A Prefeitura do Rio publicou no Diário Oficial que a tarifa dos ônibus municipais sobe para R$ 5 a partir de 4 de janeiro de 2026. O reajuste vale também para BRT, VLT, STPL, “cabritinhos” e transportes especiais, além do Bilhete Único Carioca.
Enquanto o passageiro paga R$ 5, os consórcios vão receber R$ 6 por passageiro, diferença bancada por subsídios da Prefeitura. O Indicador de Receita por Quilômetro (IRK) também foi reajustado para R$ 9, dos quais R$ 3,06 correspondem ao subsídio.
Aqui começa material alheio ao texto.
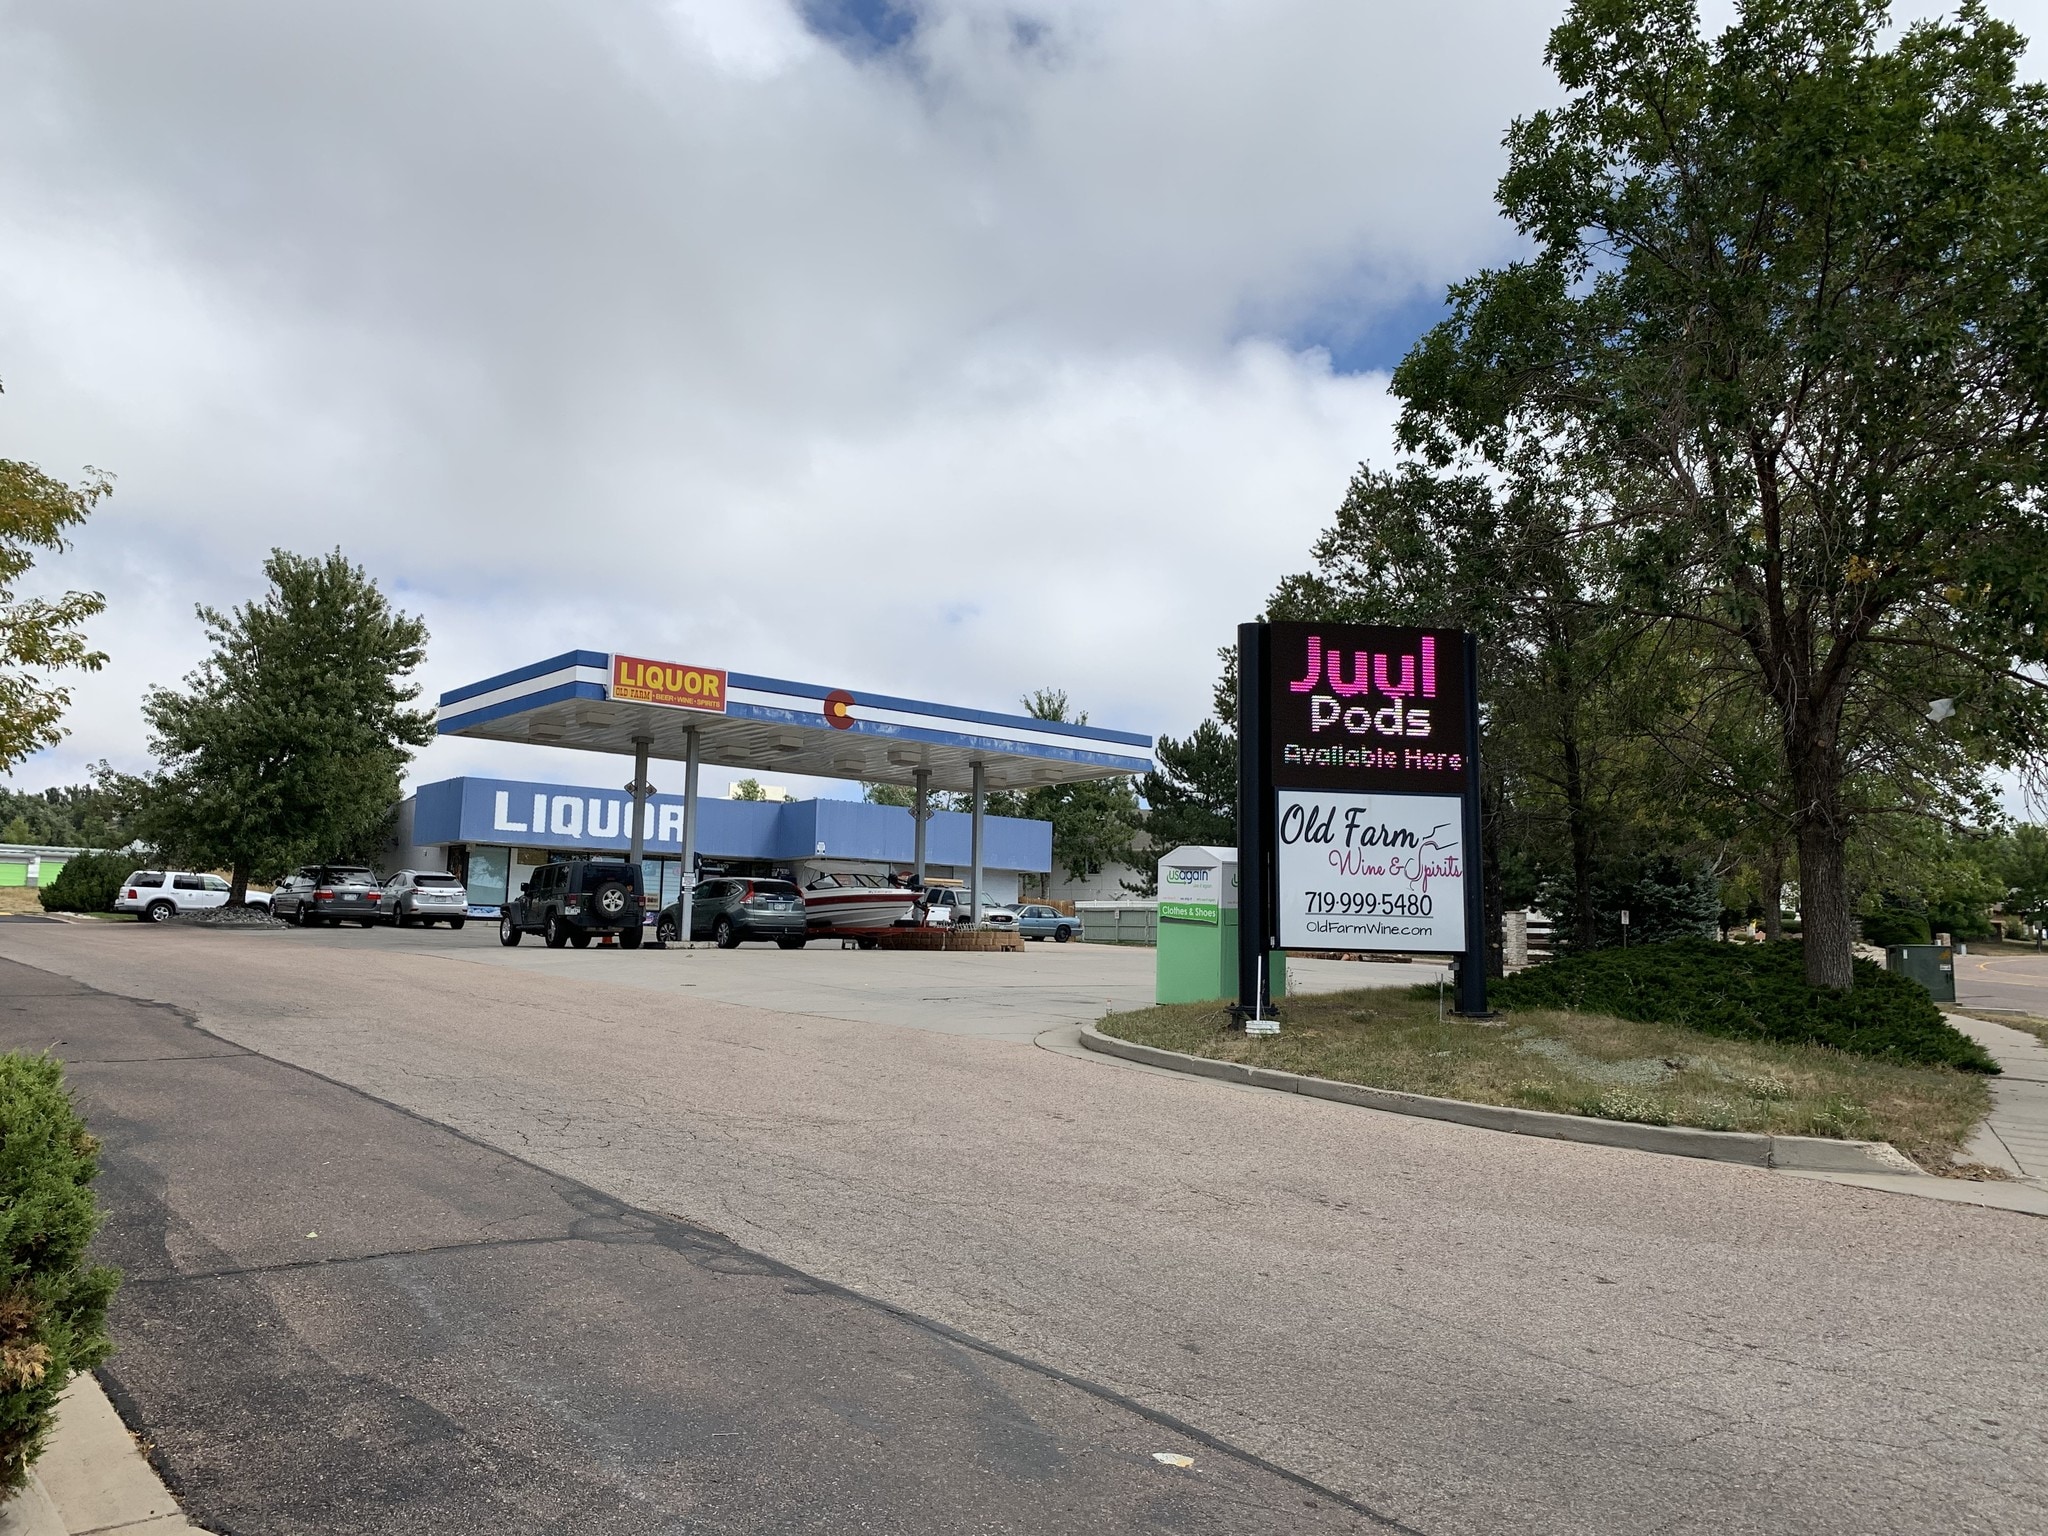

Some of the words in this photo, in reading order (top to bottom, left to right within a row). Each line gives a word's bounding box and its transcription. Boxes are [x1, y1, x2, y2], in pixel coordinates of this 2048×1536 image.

[620, 662, 719, 698] LIQUOR
[1289, 635, 1436, 699] Juul
[615, 686, 629, 697] OLD
[630, 688, 651, 700] FARM
[655, 694, 674, 702] BEER
[677, 696, 694, 705] WINE
[697, 699, 721, 708] SPIRITS
[1311, 694, 1433, 737] Pods
[1284, 742, 1398, 769] Available
[1404, 748, 1462, 771] Here
[494, 791, 684, 842] LIQUOR
[1280, 803, 1337, 845] Old
[1344, 807, 1420, 849] Farm
[1328, 846, 1386, 876] Wine
[1389, 856, 1405, 876] &
[1404, 841, 1463, 893] Spirits
[1162, 906, 1187, 916] Clothes
[1188, 908, 1194, 916] &
[1195, 908, 1216, 917] Shoes
[1306, 920, 1433, 936] OldFarmWine.com
População sofre, empresas lucram
O aumento chega em meio a ônibus sucateados, ar-condicionado quebrado em dias de calor extremo e atrasos constantes. A recente greve dos rodoviários deixou milhares de passageiros sem transporte, ampliando a insatisfação. A Prefeitura segue apostando no modelo de remuneração por quilômetro para melhorar a oferta, mas usuários questionam se haverá mudança real.
Quem paga a conta?
A decisão reacende o debate sobre a gestão do transporte público carioca: o usuário sofre com tarifas mais caras e serviço precário, enquanto os consórcios recebem mais dinheiro garantido pela Prefeitura.